To make sure Grandma isn’t missing all your Facebook photos, go to http://www.postegram.com/ and find out how you can subscribe.

Here are some tips from Rosh Sillars to make sure your Facebook photos are worth the look. Sillars is the author “The Linked Photographers Guide to Online Marketing and Social Media.”


Make Your Facebook Photos Outstanding

  1. Be clear about who your Facebook audience is. Use your personal profile for things like photos of your kids, and a Facebook Page for photos of your business products. Your customers don’t want to see your kids in the bathtub and Grandma doesn’t want to see an advertisement for your widget.


  2. Make sure you caption all your photos. You may be very proud that your little Timmy is shaking hands with the Mayor, but most of your friends will not know who that lady in the red suit is.


  3. Get in close for portraits. Facebook photos can only be enlarged so much, so if your subject is standing 20 feet away they may be unrecognizable.


  4. Also avoid flash photography. Use natural lighting when possible.


  5. Taking a head shot? Make sure the subject isn’t standing in front of a wall. Add dimension by asking the subject to put one foot forward. This will adjust the shoulders so they are not square and avoid the photograph looking like a mug shot.


  6. Shooting an event? Do a Triangle Shoot. That is, take overall photos that set the theme, like shots of the crowd or the surroundings. Take medium shots that tell the story, for instance candid shots of two people talking. And take close-up shots for drama. These are tight images of the little details.
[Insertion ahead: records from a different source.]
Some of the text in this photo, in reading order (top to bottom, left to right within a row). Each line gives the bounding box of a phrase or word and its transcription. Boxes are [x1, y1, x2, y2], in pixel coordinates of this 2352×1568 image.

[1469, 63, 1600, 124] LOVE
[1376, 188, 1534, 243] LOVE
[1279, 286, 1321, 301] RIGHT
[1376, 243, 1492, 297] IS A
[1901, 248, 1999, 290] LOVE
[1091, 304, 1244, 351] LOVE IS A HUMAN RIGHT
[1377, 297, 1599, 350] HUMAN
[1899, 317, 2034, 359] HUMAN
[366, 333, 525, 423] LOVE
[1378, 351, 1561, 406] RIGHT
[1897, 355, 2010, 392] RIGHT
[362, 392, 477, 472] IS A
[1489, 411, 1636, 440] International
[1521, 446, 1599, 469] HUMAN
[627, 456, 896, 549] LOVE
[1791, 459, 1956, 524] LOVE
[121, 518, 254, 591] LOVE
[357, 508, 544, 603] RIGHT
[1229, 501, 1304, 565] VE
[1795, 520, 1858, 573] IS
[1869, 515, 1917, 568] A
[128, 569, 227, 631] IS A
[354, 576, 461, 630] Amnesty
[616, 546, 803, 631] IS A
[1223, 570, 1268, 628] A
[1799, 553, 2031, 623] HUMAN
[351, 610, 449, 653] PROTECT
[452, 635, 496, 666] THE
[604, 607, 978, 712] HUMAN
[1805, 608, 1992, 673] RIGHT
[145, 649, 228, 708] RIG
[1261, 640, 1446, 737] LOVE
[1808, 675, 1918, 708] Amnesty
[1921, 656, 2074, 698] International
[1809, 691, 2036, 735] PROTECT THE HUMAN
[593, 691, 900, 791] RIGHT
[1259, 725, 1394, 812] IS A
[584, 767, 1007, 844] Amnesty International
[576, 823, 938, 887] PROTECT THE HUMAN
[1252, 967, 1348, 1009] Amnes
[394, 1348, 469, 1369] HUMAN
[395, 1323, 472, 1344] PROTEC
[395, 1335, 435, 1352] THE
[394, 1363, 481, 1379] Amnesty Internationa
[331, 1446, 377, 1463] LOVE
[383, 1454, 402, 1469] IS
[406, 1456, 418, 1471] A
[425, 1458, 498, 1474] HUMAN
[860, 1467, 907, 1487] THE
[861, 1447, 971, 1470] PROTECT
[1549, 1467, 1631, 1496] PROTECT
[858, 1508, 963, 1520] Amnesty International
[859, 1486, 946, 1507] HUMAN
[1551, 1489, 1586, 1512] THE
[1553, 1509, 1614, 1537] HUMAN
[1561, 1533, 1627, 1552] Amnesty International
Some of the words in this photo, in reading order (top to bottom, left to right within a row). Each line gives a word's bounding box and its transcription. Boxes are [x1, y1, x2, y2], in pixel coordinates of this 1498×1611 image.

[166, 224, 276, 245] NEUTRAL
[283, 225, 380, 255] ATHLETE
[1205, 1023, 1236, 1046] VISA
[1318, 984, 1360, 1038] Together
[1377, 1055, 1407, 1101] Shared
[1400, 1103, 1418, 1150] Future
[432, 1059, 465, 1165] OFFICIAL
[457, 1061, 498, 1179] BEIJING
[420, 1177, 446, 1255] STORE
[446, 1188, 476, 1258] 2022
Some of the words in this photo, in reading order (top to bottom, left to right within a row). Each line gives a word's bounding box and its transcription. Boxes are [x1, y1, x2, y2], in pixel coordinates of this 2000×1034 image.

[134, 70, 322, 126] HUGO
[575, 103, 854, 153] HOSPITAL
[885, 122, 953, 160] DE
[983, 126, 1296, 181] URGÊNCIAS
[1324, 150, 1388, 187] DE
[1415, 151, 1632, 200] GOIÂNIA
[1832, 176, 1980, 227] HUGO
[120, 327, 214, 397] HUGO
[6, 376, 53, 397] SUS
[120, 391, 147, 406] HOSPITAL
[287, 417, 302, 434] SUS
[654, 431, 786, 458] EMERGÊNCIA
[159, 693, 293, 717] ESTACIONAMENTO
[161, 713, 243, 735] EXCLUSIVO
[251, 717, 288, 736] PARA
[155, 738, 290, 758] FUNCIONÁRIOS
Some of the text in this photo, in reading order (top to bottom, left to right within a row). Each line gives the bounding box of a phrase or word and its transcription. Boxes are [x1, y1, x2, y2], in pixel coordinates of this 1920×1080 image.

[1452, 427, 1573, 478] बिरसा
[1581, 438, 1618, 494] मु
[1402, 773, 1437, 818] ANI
You want to include as much variety in your photos as possible so they are interesting to look at.


  7. When photographing children, get down to their level. Don’t shoot down at them. Capture them laughing or being goofy. Include a favorite toy in the photo. Take pictures that show their personality.

For more photography tips from Rosh visit http://www.roshsillars.com/ or read his blog at http://www.newmediaphotographer.com/.

Wednesday, May 5, 2010

Thursday, April 29, 2010

Is Grandma missing your SUPER AWESOME Facebook posts?


Before Facebook came along, remember how you use to call Grandma? She’d tell you how your cousin in Texas had his gall bladder removed, and how your other cousin in Florida got engaged. Grandma was the original status-updater.

Then social networking exploded, and poor Grandma lost her job. Darn it. She never bothered to learn to use that electronic friend maker.

Well PostEgram makes it possible for those without a computer or the desire to socially network online (like Grandma), to keep in touch with their loved ones. PostEgram uses an application on Facebook® Platform that gives users the ability to transform their personal updates and photos into a full-color printed newsletter which is then delivered to directly to Grandma’s doorstep.

The service is easy-to-use. It’s affordable. And it’s automatic. Set it up once, and never feel guilty again. Grandma will see what you’ve been up to and all those photos of your cute kids too!